• ENTRIES SUPPLIED:
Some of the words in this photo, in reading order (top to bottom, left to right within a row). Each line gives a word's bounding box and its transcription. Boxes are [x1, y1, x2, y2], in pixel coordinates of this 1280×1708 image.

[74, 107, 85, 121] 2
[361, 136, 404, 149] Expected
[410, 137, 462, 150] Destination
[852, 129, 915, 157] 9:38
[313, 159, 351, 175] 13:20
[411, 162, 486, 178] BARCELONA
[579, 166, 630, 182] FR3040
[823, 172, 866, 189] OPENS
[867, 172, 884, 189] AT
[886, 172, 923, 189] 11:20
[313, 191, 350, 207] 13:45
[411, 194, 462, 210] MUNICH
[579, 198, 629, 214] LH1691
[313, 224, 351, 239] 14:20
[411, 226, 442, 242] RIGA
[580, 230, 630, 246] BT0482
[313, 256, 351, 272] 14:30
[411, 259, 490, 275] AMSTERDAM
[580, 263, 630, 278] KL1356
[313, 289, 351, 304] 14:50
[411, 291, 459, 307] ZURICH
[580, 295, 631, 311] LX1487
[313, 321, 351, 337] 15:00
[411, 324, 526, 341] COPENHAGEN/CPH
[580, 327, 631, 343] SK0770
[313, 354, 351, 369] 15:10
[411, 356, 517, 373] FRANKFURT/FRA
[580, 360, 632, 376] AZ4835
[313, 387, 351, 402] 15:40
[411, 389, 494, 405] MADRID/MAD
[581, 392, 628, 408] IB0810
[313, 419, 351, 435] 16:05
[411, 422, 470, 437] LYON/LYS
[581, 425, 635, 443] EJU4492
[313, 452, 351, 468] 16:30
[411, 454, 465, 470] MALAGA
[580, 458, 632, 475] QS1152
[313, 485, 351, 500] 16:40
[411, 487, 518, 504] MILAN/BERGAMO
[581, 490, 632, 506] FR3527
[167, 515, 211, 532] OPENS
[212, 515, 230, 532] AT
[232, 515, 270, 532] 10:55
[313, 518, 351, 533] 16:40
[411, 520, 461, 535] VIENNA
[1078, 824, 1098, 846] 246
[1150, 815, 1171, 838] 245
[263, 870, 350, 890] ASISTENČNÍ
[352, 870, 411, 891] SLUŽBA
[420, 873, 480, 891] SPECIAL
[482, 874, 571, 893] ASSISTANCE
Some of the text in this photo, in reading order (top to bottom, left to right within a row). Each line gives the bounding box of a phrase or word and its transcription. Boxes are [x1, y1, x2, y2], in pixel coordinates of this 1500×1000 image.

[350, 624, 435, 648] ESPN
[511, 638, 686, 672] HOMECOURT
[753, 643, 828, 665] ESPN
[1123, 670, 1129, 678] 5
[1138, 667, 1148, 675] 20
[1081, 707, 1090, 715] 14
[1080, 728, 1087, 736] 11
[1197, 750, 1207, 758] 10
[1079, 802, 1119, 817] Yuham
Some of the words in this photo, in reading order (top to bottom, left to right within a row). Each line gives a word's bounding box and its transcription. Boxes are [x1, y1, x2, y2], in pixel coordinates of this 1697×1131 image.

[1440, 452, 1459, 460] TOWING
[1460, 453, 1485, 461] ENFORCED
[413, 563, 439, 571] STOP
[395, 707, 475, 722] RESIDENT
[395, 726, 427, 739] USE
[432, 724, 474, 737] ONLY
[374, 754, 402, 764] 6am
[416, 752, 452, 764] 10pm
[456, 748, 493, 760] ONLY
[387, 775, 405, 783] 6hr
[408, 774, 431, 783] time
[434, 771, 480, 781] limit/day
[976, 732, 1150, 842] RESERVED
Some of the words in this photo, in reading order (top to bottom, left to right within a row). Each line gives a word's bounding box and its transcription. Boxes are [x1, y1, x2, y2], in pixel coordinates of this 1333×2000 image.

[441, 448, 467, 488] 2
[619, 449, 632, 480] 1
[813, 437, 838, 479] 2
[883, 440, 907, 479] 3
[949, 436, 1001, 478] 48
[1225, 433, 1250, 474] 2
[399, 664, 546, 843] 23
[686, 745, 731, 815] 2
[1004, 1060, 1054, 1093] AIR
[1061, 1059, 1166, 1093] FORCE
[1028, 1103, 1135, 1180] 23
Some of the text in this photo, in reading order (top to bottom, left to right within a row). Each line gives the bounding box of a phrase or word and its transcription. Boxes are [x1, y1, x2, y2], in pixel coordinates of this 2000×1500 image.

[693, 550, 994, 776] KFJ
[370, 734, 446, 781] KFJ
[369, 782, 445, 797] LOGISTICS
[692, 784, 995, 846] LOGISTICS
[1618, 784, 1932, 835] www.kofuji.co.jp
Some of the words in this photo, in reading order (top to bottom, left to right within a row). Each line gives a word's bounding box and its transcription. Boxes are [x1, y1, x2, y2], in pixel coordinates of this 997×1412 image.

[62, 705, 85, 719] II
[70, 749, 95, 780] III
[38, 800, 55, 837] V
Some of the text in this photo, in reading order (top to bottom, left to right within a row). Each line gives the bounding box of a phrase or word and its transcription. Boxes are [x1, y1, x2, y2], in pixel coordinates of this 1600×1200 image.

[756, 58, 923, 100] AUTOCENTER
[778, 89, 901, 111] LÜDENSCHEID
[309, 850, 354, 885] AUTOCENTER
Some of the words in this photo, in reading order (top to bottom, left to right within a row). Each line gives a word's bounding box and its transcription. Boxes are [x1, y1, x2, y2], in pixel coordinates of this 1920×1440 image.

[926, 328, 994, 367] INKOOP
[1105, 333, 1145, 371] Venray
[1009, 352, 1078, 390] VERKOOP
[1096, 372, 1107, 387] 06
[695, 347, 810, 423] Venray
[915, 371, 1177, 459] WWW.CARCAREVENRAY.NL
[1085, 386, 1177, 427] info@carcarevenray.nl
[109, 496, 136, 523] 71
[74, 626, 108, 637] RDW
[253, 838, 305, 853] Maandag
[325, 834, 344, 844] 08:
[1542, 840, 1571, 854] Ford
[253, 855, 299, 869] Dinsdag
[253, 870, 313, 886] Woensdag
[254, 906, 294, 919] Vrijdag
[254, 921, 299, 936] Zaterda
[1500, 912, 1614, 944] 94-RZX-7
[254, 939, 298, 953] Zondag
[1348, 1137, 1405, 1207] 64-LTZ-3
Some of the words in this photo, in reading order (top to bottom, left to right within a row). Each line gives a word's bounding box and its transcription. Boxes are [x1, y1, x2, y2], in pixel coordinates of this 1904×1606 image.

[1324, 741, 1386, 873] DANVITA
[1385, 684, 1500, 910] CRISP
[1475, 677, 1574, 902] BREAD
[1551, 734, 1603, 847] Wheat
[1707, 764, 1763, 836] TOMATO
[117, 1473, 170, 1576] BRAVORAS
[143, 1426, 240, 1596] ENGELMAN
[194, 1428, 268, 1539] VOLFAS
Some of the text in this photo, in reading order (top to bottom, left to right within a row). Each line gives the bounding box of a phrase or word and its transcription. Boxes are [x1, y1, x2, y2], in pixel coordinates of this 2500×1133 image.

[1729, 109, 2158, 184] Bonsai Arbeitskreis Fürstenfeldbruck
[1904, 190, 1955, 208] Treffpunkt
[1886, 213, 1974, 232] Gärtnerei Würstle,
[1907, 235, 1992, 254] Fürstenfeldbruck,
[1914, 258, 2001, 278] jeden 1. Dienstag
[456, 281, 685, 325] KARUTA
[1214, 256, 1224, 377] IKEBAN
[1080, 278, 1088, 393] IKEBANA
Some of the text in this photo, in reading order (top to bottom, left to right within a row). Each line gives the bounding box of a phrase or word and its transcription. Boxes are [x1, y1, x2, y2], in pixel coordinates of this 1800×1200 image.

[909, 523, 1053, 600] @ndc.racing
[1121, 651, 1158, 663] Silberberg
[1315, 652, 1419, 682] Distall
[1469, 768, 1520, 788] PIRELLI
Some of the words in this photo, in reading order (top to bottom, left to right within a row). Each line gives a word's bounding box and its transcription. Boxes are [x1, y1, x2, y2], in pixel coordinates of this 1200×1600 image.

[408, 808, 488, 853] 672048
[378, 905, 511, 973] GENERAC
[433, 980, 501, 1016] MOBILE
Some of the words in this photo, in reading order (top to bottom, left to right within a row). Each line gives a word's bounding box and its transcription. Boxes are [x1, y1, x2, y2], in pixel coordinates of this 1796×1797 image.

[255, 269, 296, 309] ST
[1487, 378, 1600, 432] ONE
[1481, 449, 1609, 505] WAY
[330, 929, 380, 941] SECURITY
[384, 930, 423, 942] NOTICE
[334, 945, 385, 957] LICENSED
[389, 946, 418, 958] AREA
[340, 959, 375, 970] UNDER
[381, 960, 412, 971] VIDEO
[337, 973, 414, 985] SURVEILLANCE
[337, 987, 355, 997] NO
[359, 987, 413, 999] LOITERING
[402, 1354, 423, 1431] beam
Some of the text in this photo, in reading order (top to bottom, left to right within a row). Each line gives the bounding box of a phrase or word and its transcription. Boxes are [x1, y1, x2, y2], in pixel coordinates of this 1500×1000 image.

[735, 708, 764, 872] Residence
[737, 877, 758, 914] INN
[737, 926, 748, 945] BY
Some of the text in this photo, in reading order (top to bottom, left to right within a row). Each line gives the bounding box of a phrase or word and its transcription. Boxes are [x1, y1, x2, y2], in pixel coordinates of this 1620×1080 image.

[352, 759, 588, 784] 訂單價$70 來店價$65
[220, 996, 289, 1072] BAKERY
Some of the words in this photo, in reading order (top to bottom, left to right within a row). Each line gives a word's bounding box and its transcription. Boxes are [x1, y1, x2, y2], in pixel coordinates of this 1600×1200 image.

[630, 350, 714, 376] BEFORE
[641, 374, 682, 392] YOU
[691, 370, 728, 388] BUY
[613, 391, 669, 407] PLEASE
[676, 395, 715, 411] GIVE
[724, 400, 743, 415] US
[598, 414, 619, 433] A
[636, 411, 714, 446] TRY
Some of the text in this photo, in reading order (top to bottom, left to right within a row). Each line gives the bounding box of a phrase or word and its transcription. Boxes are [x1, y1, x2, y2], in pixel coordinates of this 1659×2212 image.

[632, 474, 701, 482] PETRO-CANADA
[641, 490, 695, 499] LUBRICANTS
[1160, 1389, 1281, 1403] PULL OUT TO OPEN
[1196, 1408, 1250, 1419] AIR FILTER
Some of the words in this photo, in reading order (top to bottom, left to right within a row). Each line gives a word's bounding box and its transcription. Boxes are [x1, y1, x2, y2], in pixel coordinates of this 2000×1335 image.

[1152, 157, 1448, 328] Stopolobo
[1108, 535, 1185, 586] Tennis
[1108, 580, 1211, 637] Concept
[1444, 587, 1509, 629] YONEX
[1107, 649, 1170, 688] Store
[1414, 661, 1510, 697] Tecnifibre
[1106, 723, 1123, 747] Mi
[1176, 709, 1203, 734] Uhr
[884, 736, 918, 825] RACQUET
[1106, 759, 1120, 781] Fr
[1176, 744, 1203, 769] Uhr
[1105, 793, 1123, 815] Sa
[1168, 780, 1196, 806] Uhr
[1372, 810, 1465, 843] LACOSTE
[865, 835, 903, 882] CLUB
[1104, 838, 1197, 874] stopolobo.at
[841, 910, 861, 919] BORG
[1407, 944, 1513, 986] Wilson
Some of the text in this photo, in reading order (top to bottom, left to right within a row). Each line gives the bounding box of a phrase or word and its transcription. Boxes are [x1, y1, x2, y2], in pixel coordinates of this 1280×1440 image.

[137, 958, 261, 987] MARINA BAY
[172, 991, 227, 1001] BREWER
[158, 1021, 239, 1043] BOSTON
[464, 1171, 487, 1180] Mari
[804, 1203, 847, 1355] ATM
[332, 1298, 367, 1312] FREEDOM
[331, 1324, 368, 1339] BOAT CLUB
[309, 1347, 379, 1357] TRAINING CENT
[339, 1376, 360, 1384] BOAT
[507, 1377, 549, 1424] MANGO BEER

• TASK TO CARRY OUT: All lines from the one with "this 1280×1440 image." to the end of the material above should be copied exactly, both ends included, and nothing else.

• FINISHED EXERCISE:
Some of the text in this photo, in reading order (top to bottom, left to right within a row). Each line gives the bounding box of a phrase or word and its transcription. Boxes are [x1, y1, x2, y2], in pixel coordinates of this 1280×1440 image.

[137, 958, 261, 987] MARINA BAY
[172, 991, 227, 1001] BREWER
[158, 1021, 239, 1043] BOSTON
[464, 1171, 487, 1180] Mari
[804, 1203, 847, 1355] ATM
[332, 1298, 367, 1312] FREEDOM
[331, 1324, 368, 1339] BOAT CLUB
[309, 1347, 379, 1357] TRAINING CENT
[339, 1376, 360, 1384] BOAT
[507, 1377, 549, 1424] MANGO BEER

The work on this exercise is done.